Moose Lake Star Gazette - Serving Carlton and Pine Counties Since 1895

By Bethany Helwig
Moose Lake Star-Gazette 

First National Bank celebrates 100 years

 

October 17, 2019

Provided Photo

The former First National Bank building once stood where the present day building is now.

Over the past year, First National Bank of Moose Lake has been celebrating its 100 year anniversary with contributions to the community. Staff helped put together new picnic tables for the city park, revamp the pavilion, stain the playground equipment, and host a lunch for the community outside the main office.

The official date of their establishment was October 20, 1919, as the Security State Bank of Moose Lake. It wasn't until 1926 that the bank changed from a State Charter to a National Charter and was rechristened as the First National Bank of Moose Lake. Today, they are the last financial institution that still has a charter in Carlton County.

"We're kind of proud of that, because we want to be locally owned," said Rick Bothwell, Vice President of Lending. "That's part of our mission statement."

"Keeping the bank here and locally owned is our first goal, our biggest goal," said President Larry Peterson.

Peterson went on to credit the Blacklock and Lower families for playing a big role in keeping the bank local.

"It started with the Blacklock family," he explained. "When they could have sold their share (in the bank) for a lot more money, they made it exceedingly clear that the only thing that was important to them was to see that the bank was locally owned. They made an arrangement with the other shareholders at the time and that's when we setup our ESOP (Employee Stock Ownership Plan), and they gave us great terms that made it possible to buy their ownership in the bank."

Despite having another offer on the table to sell their stock, the Blacklocks committed to keeping the stock within local hands. The other shareholders, including the Lowers, agreed to continue to sell the stock at a reduced price to keep the bank locally owned.

President Peterson expressed his gratitude for the efforts made by those early families. "We were given an opportunity by the Blacklocks and Lowers that is just unheard of. So we call it the 'Blacklock and Lower legacy' or 'the gift.'"

Ask any of the staff or board members of the bank, and they will happily explain why they believe having a locally owned and operated bank helps the community more than one owned by a large company.

"All the decisions are made right here," said Peterson. "Out of necessity, when institutions get larger and larger, they have to start centralizing all decisions so you're getting an answer to your question a hundred miles away, five days later.
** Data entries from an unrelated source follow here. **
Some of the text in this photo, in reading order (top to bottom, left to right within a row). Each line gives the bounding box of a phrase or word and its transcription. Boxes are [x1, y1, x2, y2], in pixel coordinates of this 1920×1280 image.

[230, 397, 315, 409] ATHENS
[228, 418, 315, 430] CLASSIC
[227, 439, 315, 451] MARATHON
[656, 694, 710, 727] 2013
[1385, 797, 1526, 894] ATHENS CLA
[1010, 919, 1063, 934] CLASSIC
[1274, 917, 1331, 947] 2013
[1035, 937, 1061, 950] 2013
I think we're far more invested in the community."

Bothwell added, "For me when I think about it, if we all were in a big bank in the Metro, we'd make more money and things like that, but our staff really doesn't get the greatest reward from those things. We care about our customers. We're relationship oriented, not transactions and commissions. I don't know how many times I've gone into Larry's office with tears over a customer's troubles. We really do care about our people."
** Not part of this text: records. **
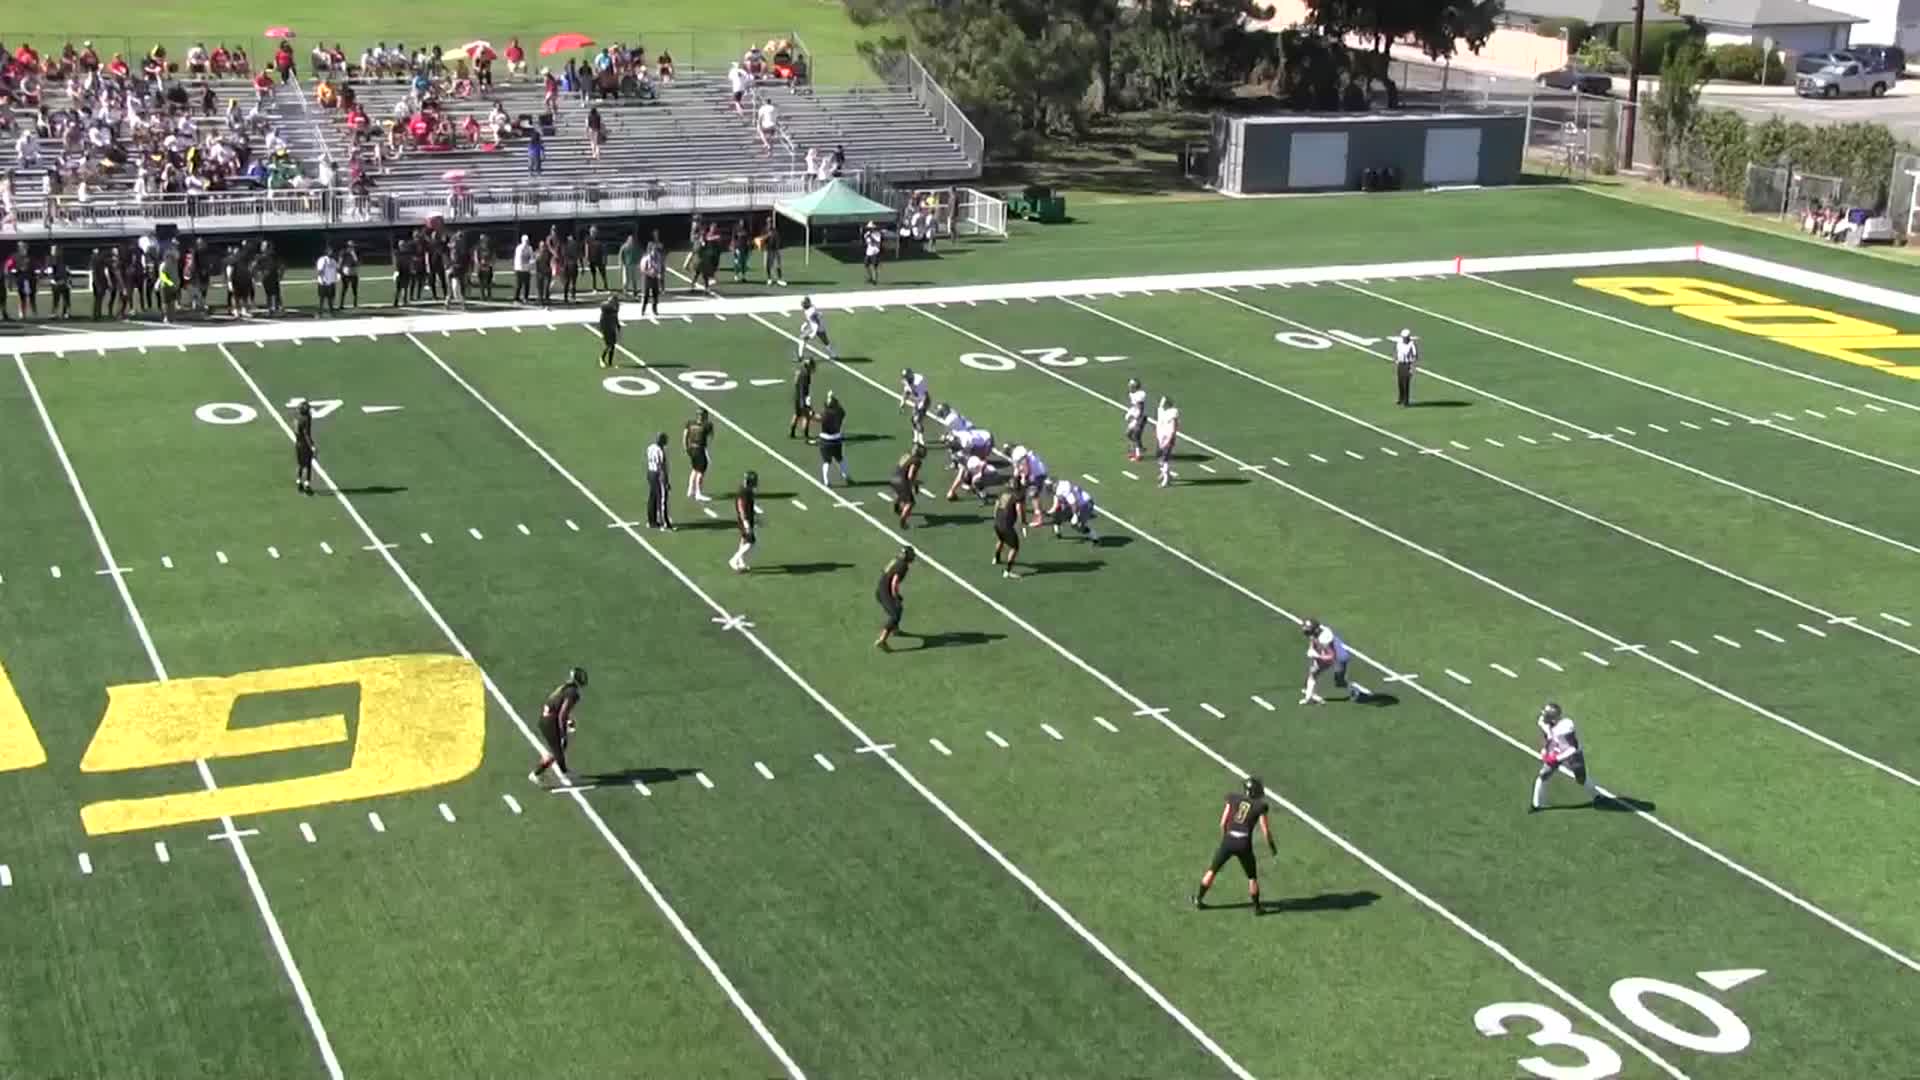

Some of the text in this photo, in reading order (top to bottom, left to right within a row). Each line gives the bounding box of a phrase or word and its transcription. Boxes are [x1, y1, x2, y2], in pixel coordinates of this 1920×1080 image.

[1274, 328, 1383, 350] 10
[959, 347, 1089, 372] 20
[602, 370, 739, 397] 30
[194, 397, 345, 425] 40
[1473, 976, 1752, 1080] 30
"We work with our customers, in bad times as well as the good times," said Peterson. "For one thing, it's the right moral thing to do. Secondly, we have a finite number of customers. It's not like you can kick customers out during the bad times and expect them to come back during the good times. Nor is that the right thing to do. I think that's got us a really good reputation over the years."

While their main branch is located on Elm Avenue, they opened a branch on Hartman Drive near the Dollar General in 2000, "which was motivated really by running out of space," said Peterson. "But also we thought it was a really good geographic location.
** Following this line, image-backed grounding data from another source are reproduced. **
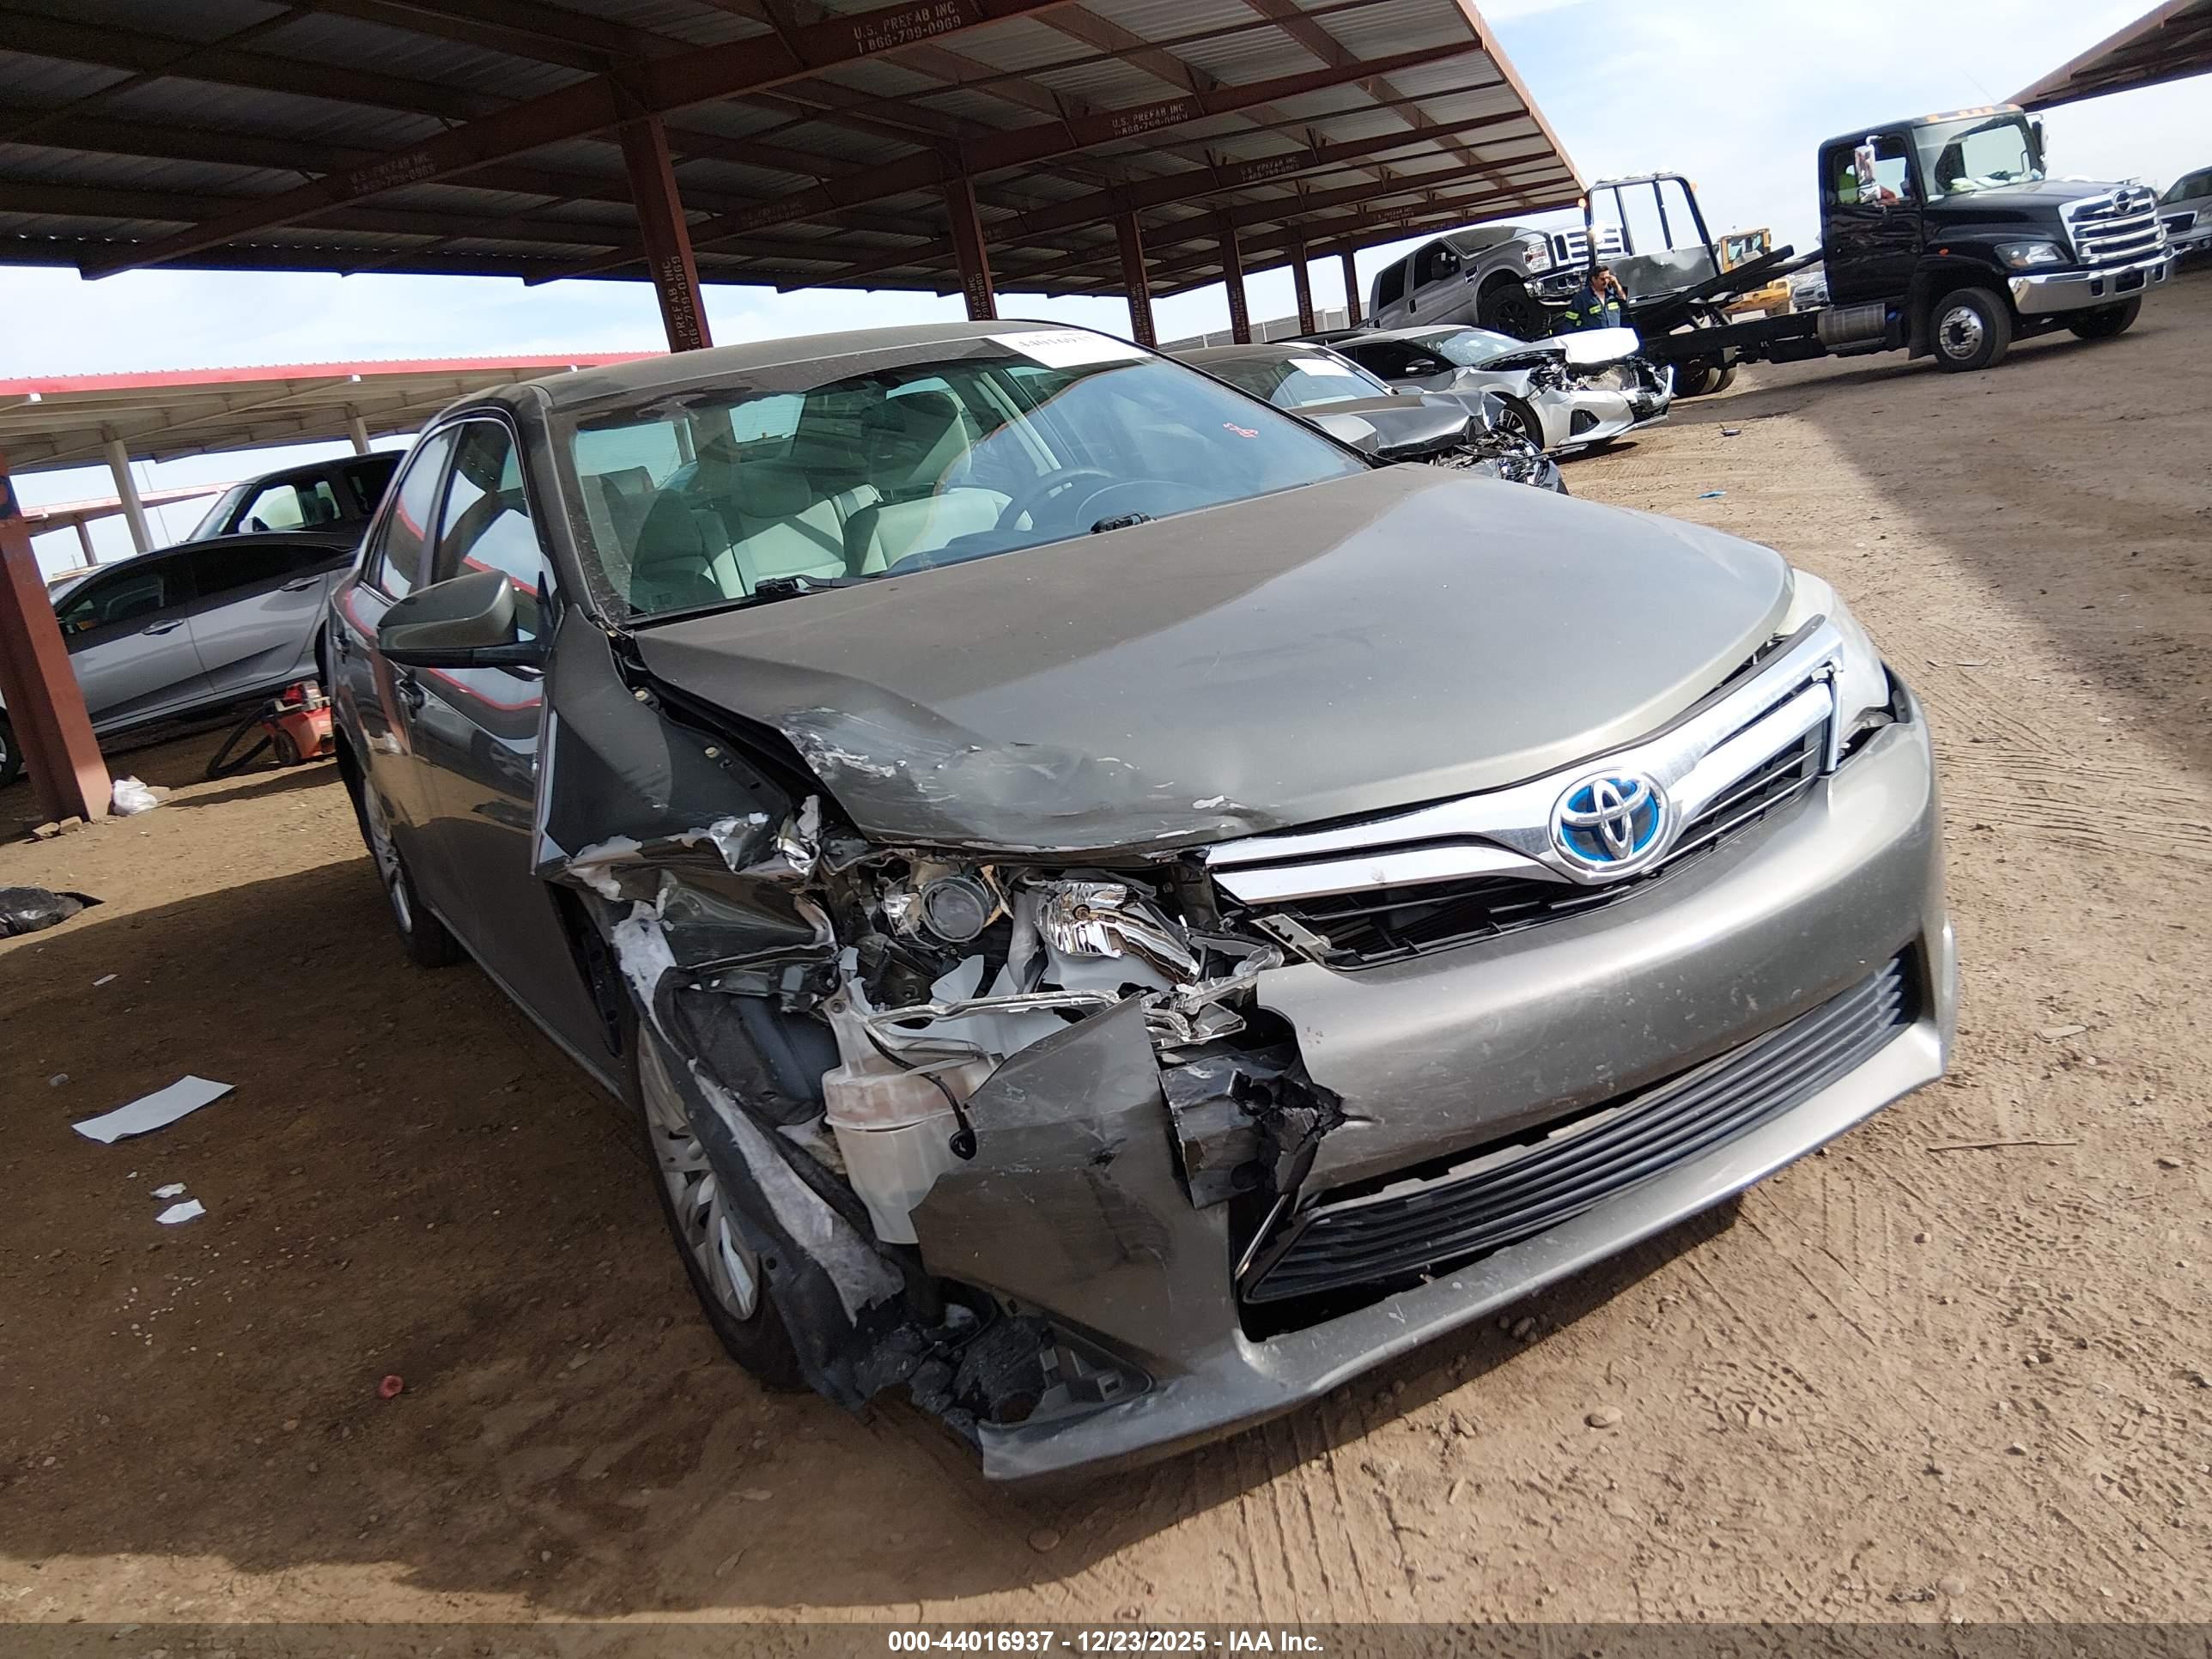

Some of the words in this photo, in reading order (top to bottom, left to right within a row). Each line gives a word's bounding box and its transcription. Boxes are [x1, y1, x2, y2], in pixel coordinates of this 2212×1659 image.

[854, 24, 878, 40] U.S.
[883, 8, 930, 32] PREFAB
[934, 1, 960, 17] INC.
[668, 288, 689, 337] PREFAB
[671, 255, 702, 349] 66-799-0969
"We just grew and grew and grew. I'm sure they never envisioned in 1983 (when the current main building was constructed) that they could possibly ever need more space. But the town did well and the bank did very well."

Apart from the branch in Moose Lake, the bank doesn't have plans to expand outside of this area, but they still like to keep an eye on the future.

"We will be doing something with space needs and improving our image at the other location," said Peterson. "Technology, of course, is never ending. We spend a small fortune on technology now. For a small bank like us we can't be on the leading edge of technology because it's too expensive, but we also can't be on the bleeding edge where we lose customers because we can't afford technology. We're always looking at a 3-year technology plan.

Board Member Jerome Bennett was pleased with where they currently stand. "I think we do a good job on the technology side. We're maybe a little above average when it comes to community banks and technology. We're progressive, I'll say."

For the foreseeable future, First National Bank of Moose Lake plans to continue supporting the local community that has made it the institution it is today.